United States District Court, District of Columbia

March 29, 2019

YOLANDA BELL, Plaintiff,
v.
UNITED STATES OF AMERICA, et. al, Defendant.

          MEMORANDUM OPINION & TRANSFER ORDER

          RUDOLPH CONTRERAS UNITED STATES DISTRICT JUDGE

         This matter is before the Court on Defendants' Motion to Dismiss and Memorandum (“Defs.' Mem.”) [collectively, ECF No. 12] and exhibits in support (“Defs.' Exs.”) [ECF No. 12-1]. Defendants move to dismiss Plaintiff's Amended Complaint (“Am. Compl.”) [ECF No. 6], pursuant to Fed. Rs. Civ. P. 12(b)(3) and (b)(6), or alternatively, transfer this matter to Virginia.

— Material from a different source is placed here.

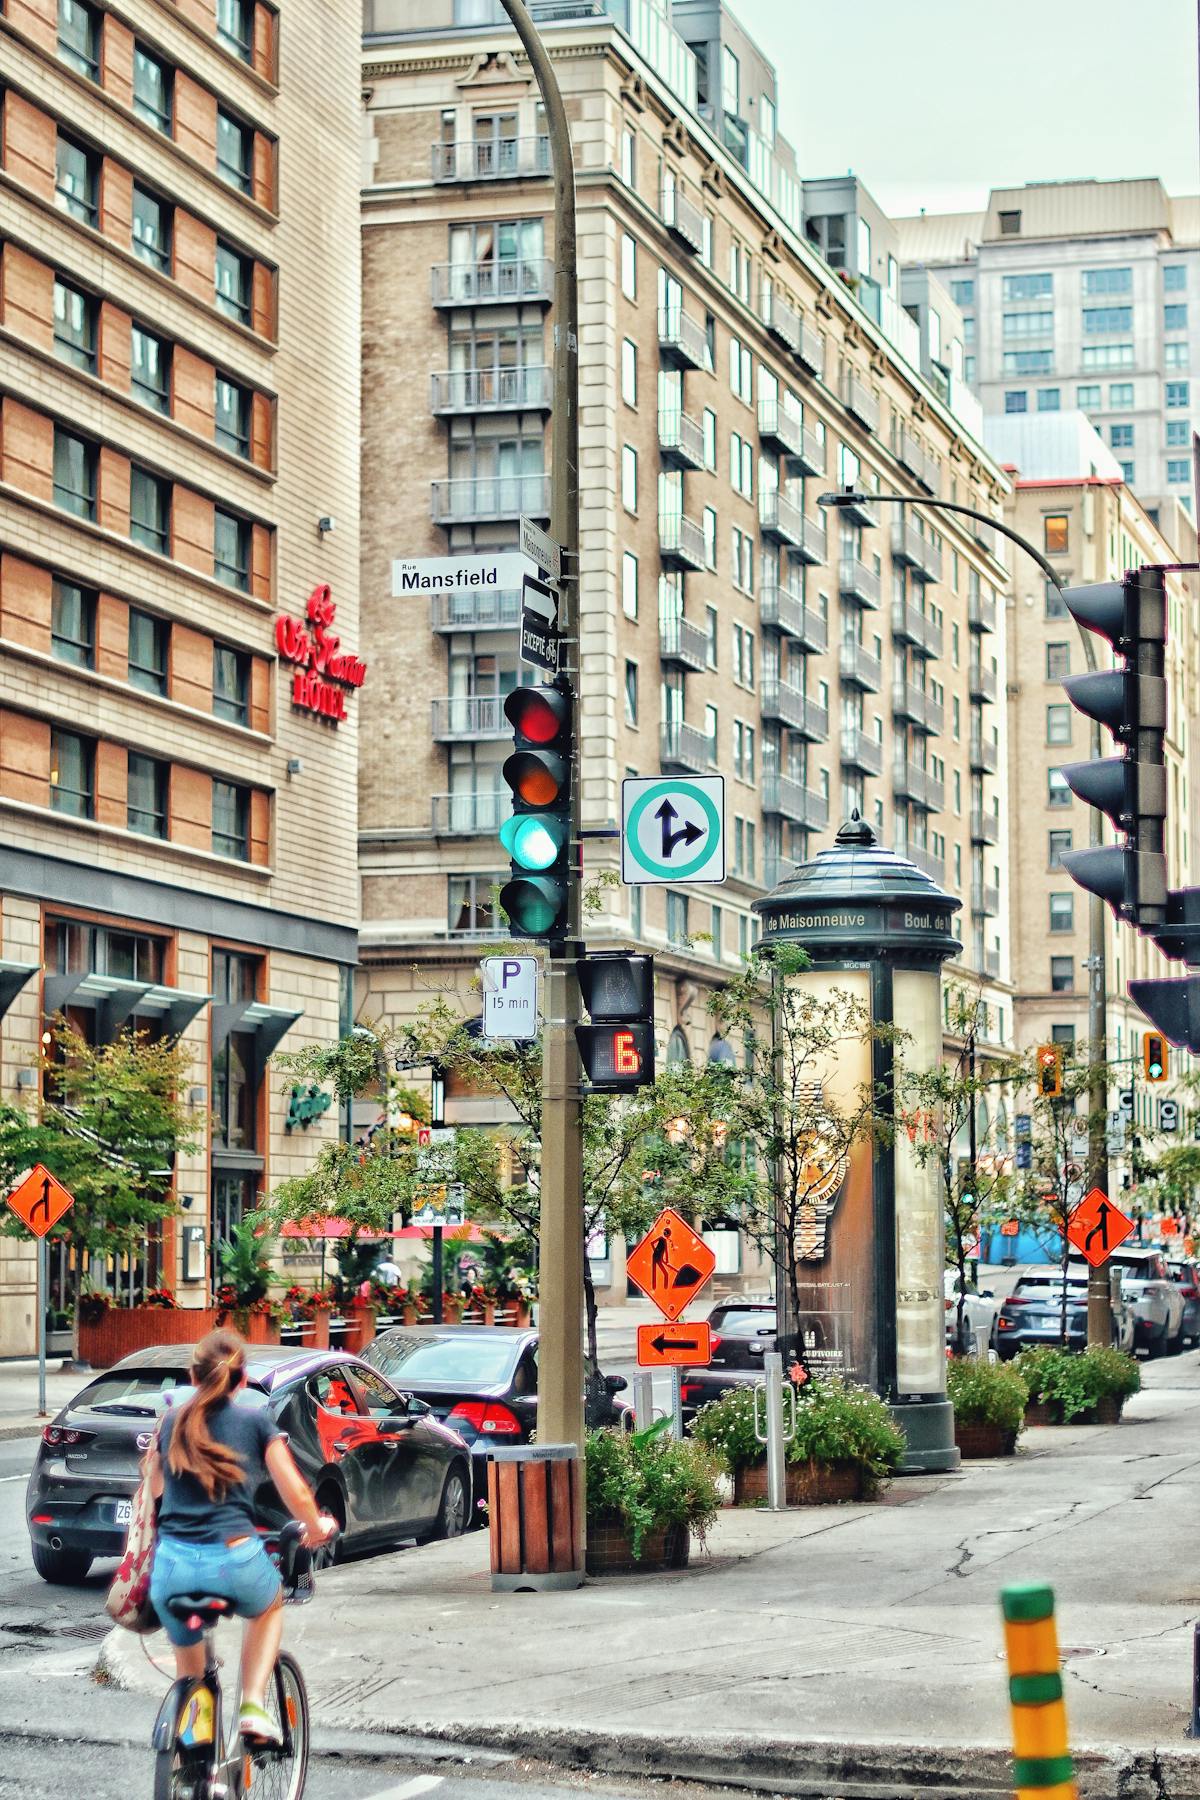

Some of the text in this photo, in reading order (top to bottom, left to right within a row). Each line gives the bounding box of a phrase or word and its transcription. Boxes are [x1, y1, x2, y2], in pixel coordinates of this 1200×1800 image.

Plaintiff filed an Opposition (“Pl.'s Opp.”) [ECF No. 18], to which Defendants have filed a Reply [ECF No. 19]. For the reasons stated herein, Defendants' Motion is granted, and this case will be transferred in the interest of justice to the Eastern District of Virginia.

         Plaintiff filed the Amended Complaint on April 23, 2018. She sues the United States, the U.S. Department of Justice, the U.S. Attorney's Office, Jefferson B. Sessions III (in his official capacity as U.S. Attorney General), [1] Chad A. Readler (in his official capacity as Acting Assistant Attorney General for the United States Department of Justice), James N. Mattis (in his official capacity as Secretary of Defense), Admiral Mark D. Harnitchek[2] (in his official and individual capacity as Director of the Defense Logistics Agency), Michael Simon, III (in his official and individual capacity as the Program Manager of the Defense Travel Office of the Defense Logistics Agency), and Davis McLemore, (in his official and individual capacity as the Deputy Program Manager of the Defense Travel Office of the Defense Logistics Agency).[3] See Am. Compl. at 3.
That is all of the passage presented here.